Exercise goal: What is needed is an exact copy of the records, with the images left out.

(Spatial localization data)

==*==

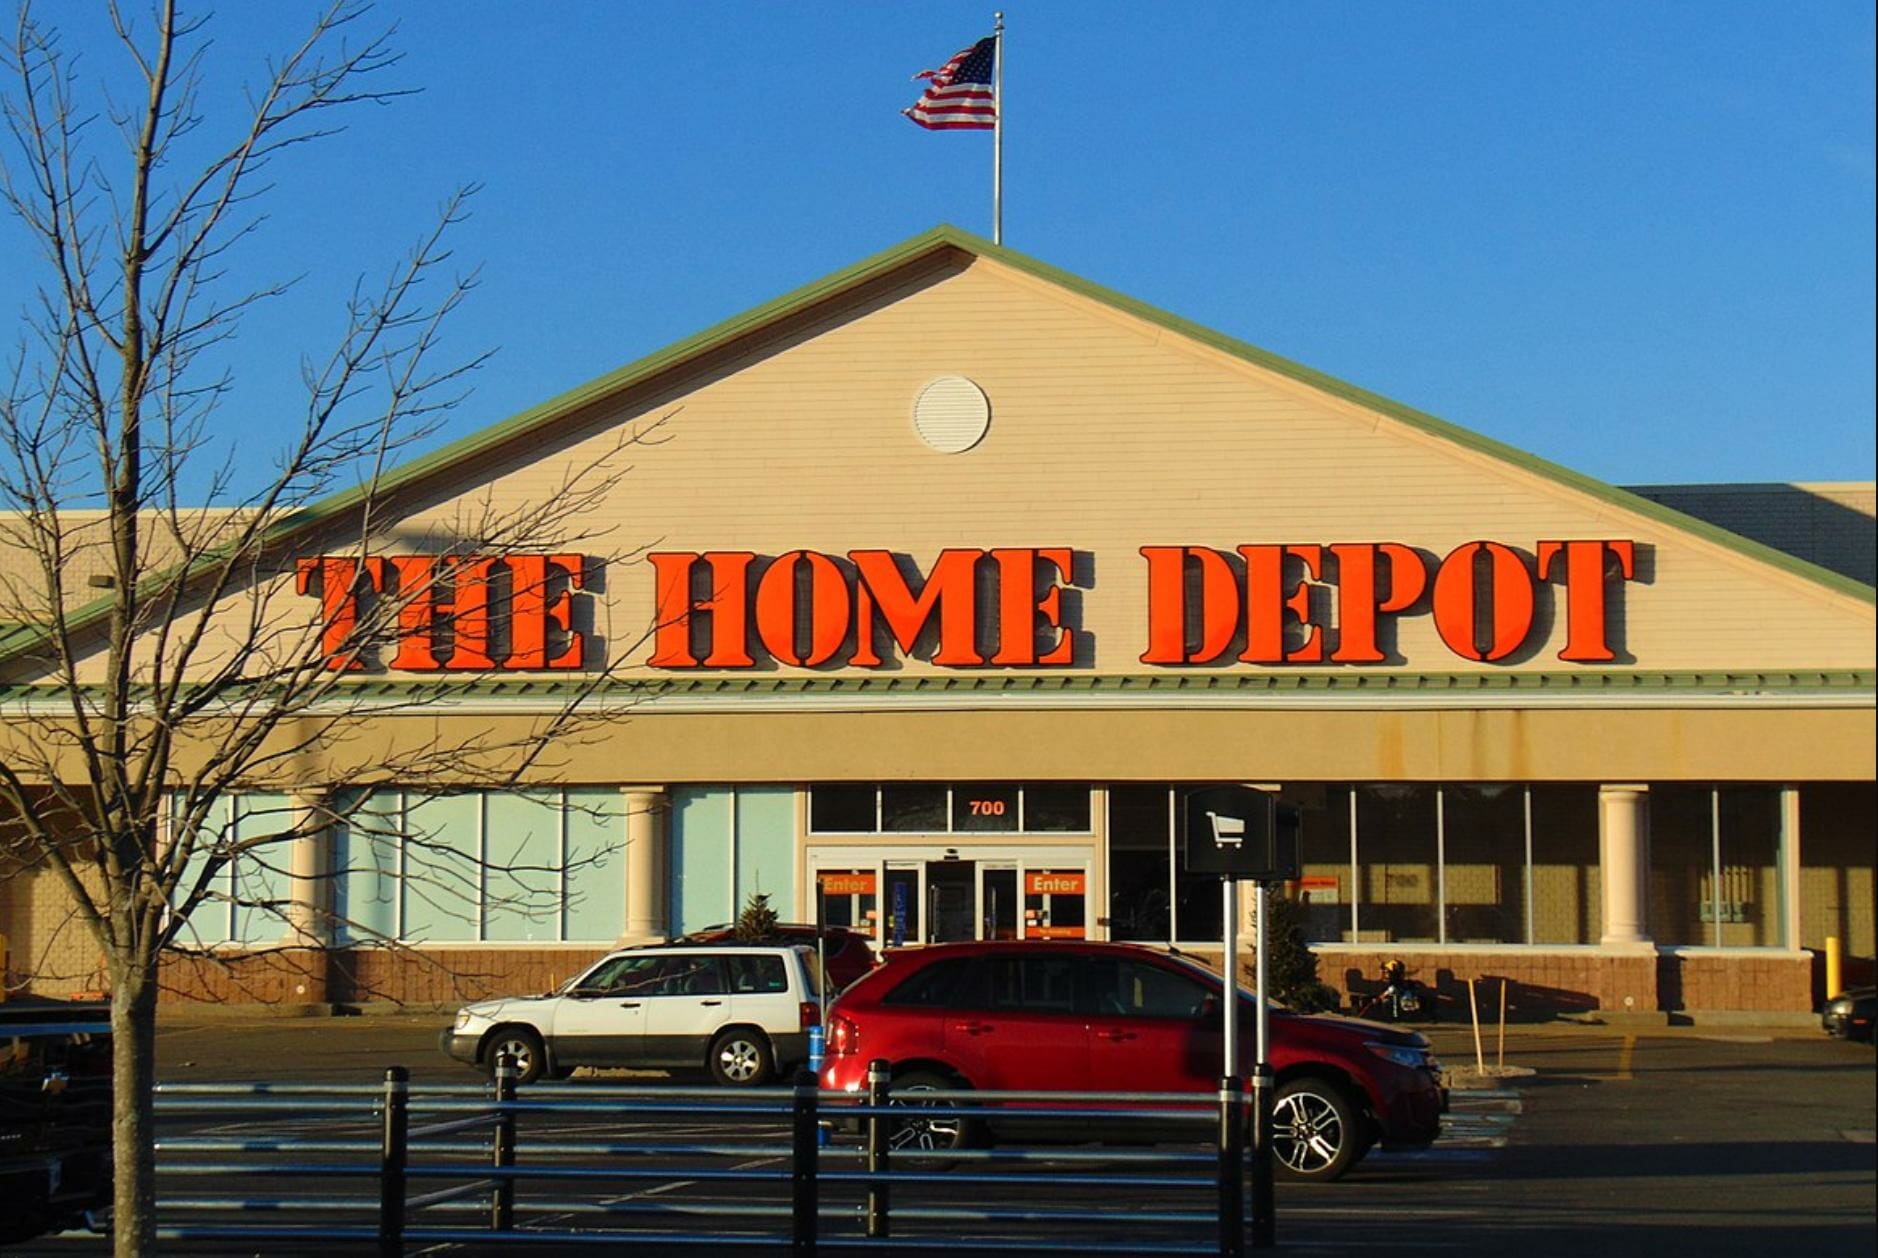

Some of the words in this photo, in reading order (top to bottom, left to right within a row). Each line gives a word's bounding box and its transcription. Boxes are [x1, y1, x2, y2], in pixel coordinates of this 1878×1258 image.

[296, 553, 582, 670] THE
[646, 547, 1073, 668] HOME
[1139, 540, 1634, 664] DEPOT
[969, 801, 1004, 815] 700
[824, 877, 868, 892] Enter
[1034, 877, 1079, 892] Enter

==*==

Written solution:
Some of the words in this photo, in reading order (top to bottom, left to right within a row). Each line gives a word's bounding box and its transcription. Boxes are [x1, y1, x2, y2], in pixel coordinates of this 1878×1258 image.

[296, 553, 582, 670] THE
[646, 547, 1073, 668] HOME
[1139, 540, 1634, 664] DEPOT
[969, 801, 1004, 815] 700
[824, 877, 868, 892] Enter
[1034, 877, 1079, 892] Enter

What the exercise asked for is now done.